Che cos'è stato studiato
Lo studio ha coinvolto pazienti senza storia di emicrania, sottoposti a chiusura del difetto del setto interatriale con una procedura chiamata chiusura transcatetere. I pazienti sono stati seguiti per un anno e divisi in due gruppi:
- uno ha ricevuto due farmaci antipiastrinici (aspirina e clopidogrel) per 3 mesi;
- l'altro ha ricevuto solo aspirina con un placebo per 3 mesi.
Dopo i primi 3 mesi, tutti hanno continuato solo con aspirina.
I risultati principali
- Entro 3 mesi dalla procedura, il 15,8% dei pazienti ha avuto nuovi attacchi di emicrania.
- Nel gruppo che ha ricevuto aspirina e clopidogrel, solo il 9,5% ha avuto emicrania, mentre nel gruppo con solo aspirina il 21,8%.
- Dopo aver smesso il clopidogrel a 3 mesi, il numero di pazienti con emicrania è diminuito nel tempo: il 4,7% a 6 mesi e il 2,3% a 12 mesi.
- La gravità degli attacchi è diminuita nel tempo, e dopo 6 mesi non si sono più verificati attacchi moderati o gravi.
- Non c'erano differenze significative tra i due gruppi a 6 e 12 mesi, indicando che la doppia terapia antipiastrinica ha un effetto soprattutto nei primi 3 mesi.
- Solo 2 pazienti hanno avuto nuovi attacchi di emicrania dopo i primi 3 mesi.
Cosa significa questo
La combinazione di aspirina e clopidogrel per 3 mesi dopo la chiusura del difetto interatriale sembra ridurre la comparsa di nuovi attacchi di emicrania nelle prime fasi dopo la procedura.

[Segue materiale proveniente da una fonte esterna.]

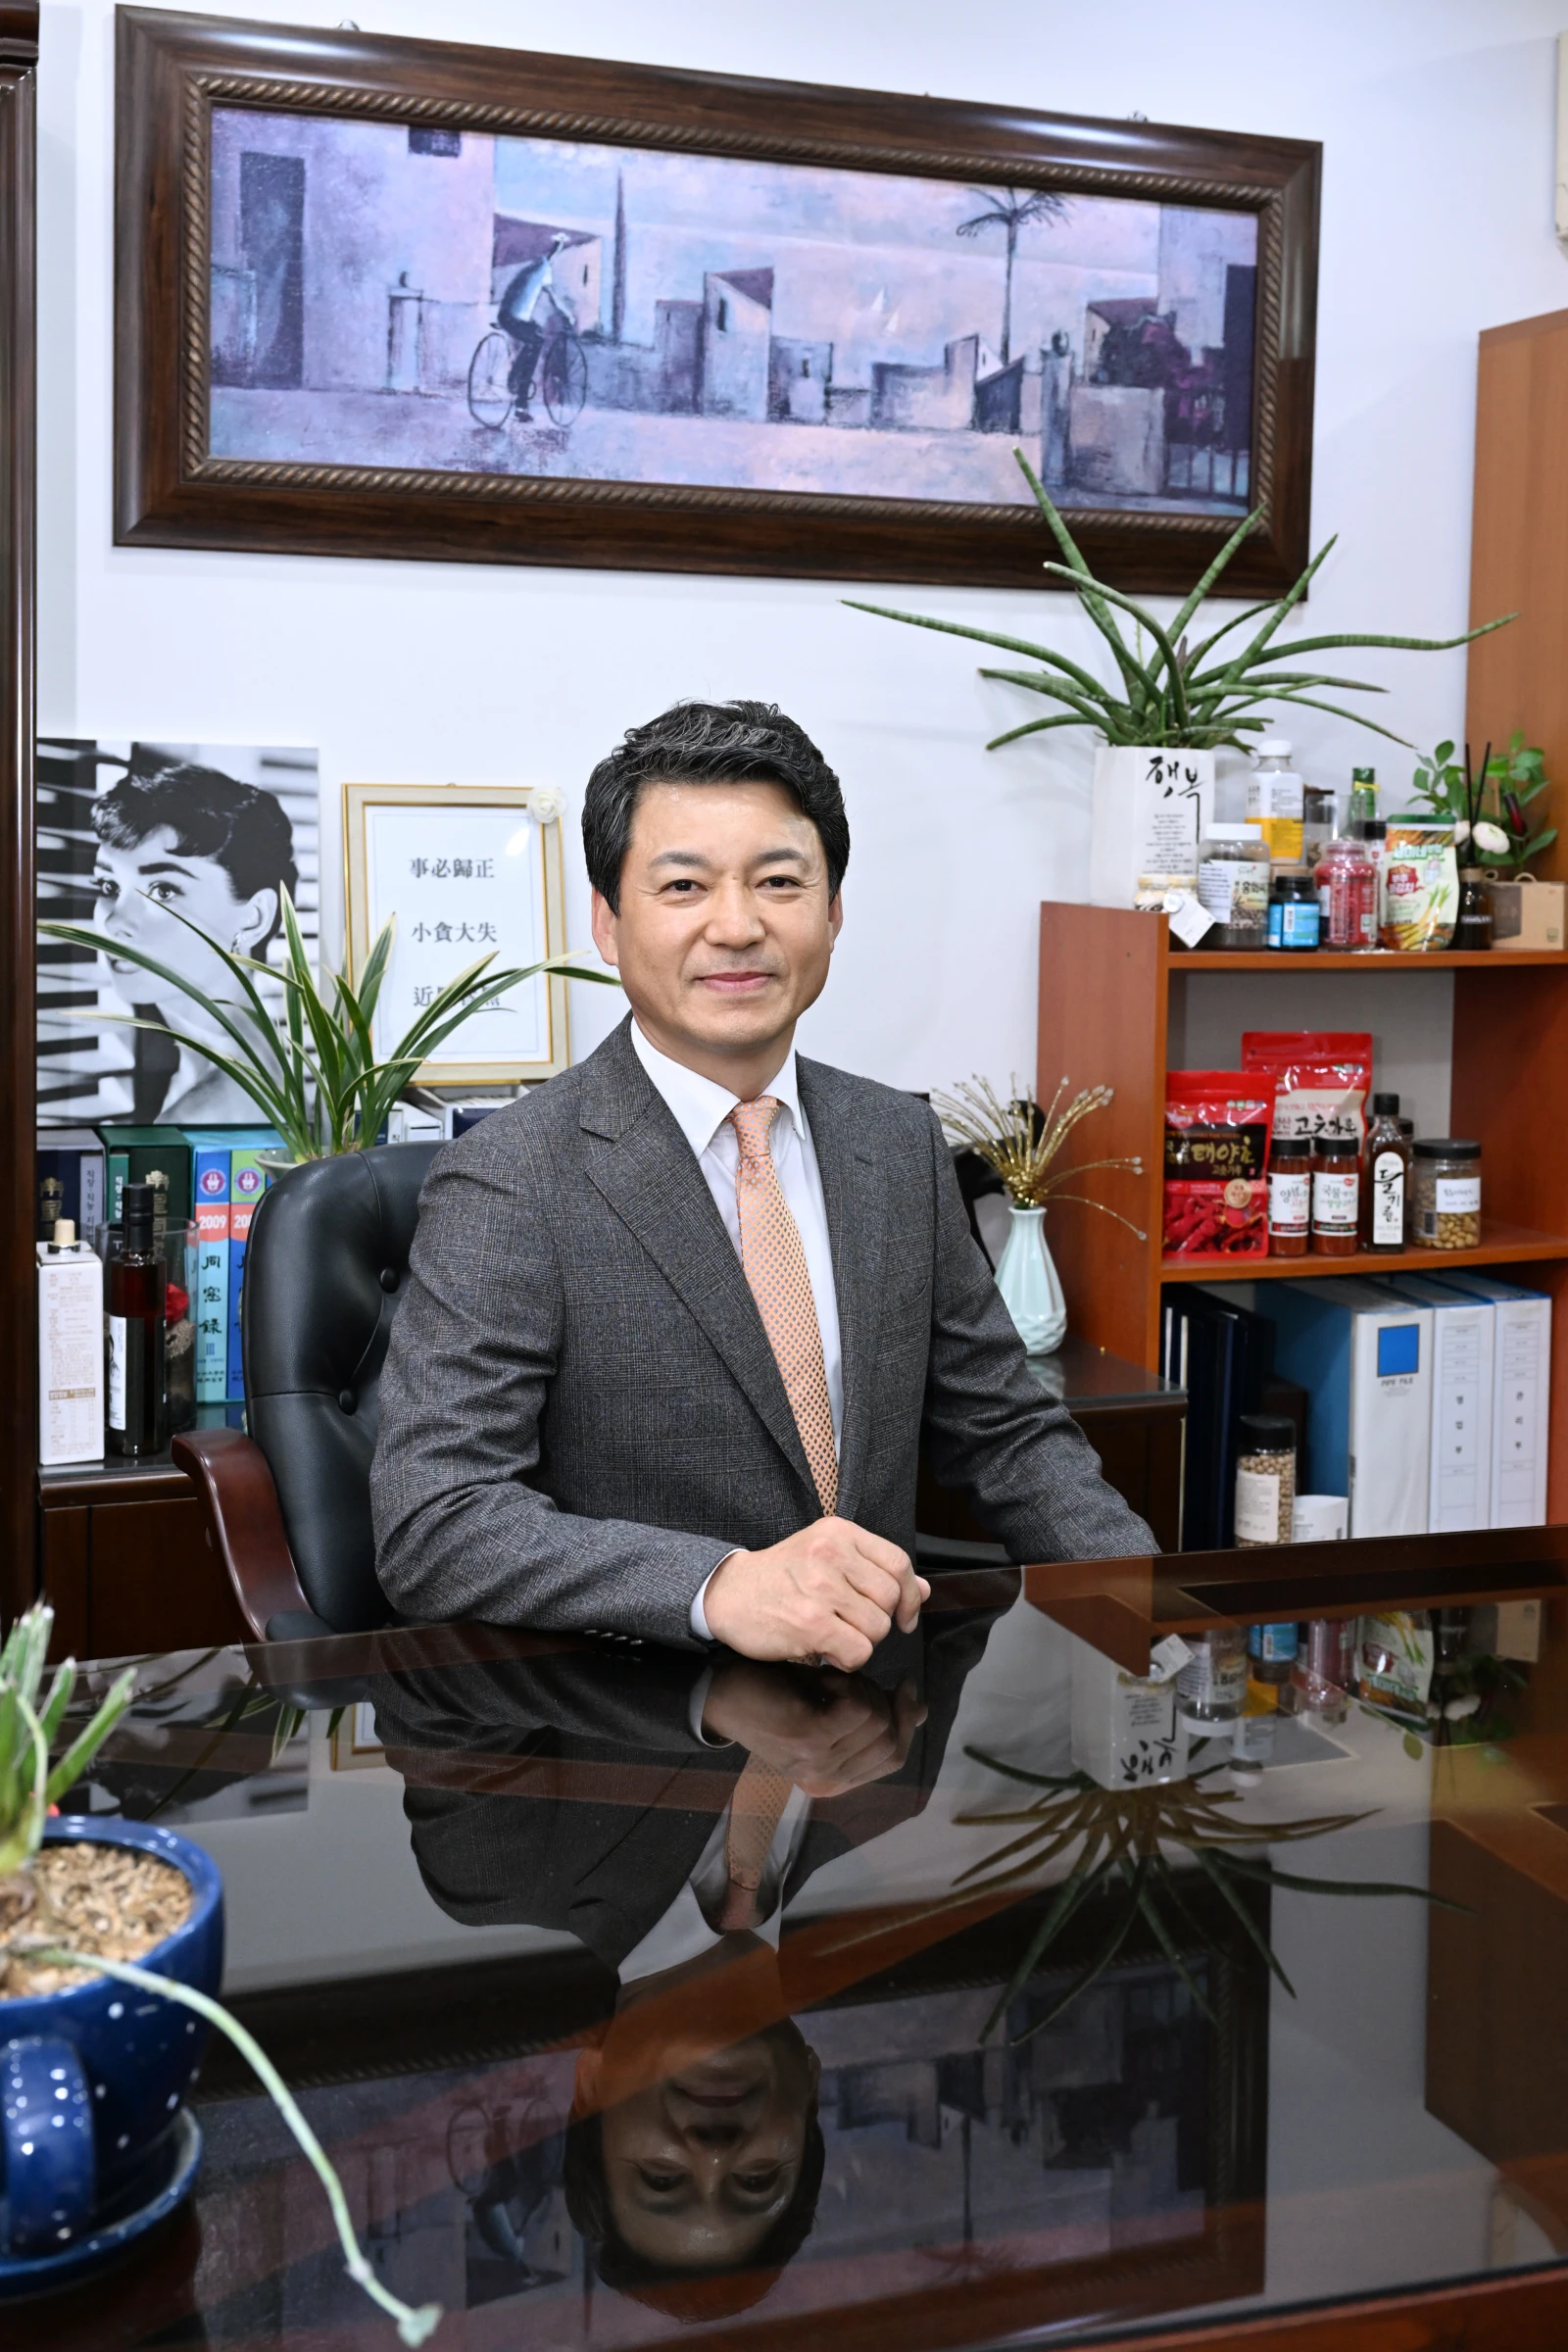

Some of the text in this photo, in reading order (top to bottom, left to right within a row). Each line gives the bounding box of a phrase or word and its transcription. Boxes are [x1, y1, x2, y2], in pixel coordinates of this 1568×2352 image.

[409, 857, 495, 879] 事必歸正
[1191, 1136, 1255, 1164] 태양초
[199, 1214, 226, 1230] 2009

Dopo l'interruzione del clopidogrel, il rischio di emicrania si riduce ulteriormente e la gravità degli attacchi diminuisce.
In conclusione
La doppia terapia antipiastrinica con aspirina e clopidogrel per 3 mesi dopo la chiusura transcatetere di un difetto interatriale è efficace nel ridurre l'insorgenza di emicrania nei primi mesi. Dopo la sospensione del clopidogrel, gli attacchi di emicrania diventano meno frequenti e meno gravi, con un basso tasso di nuovi episodi a lungo termine.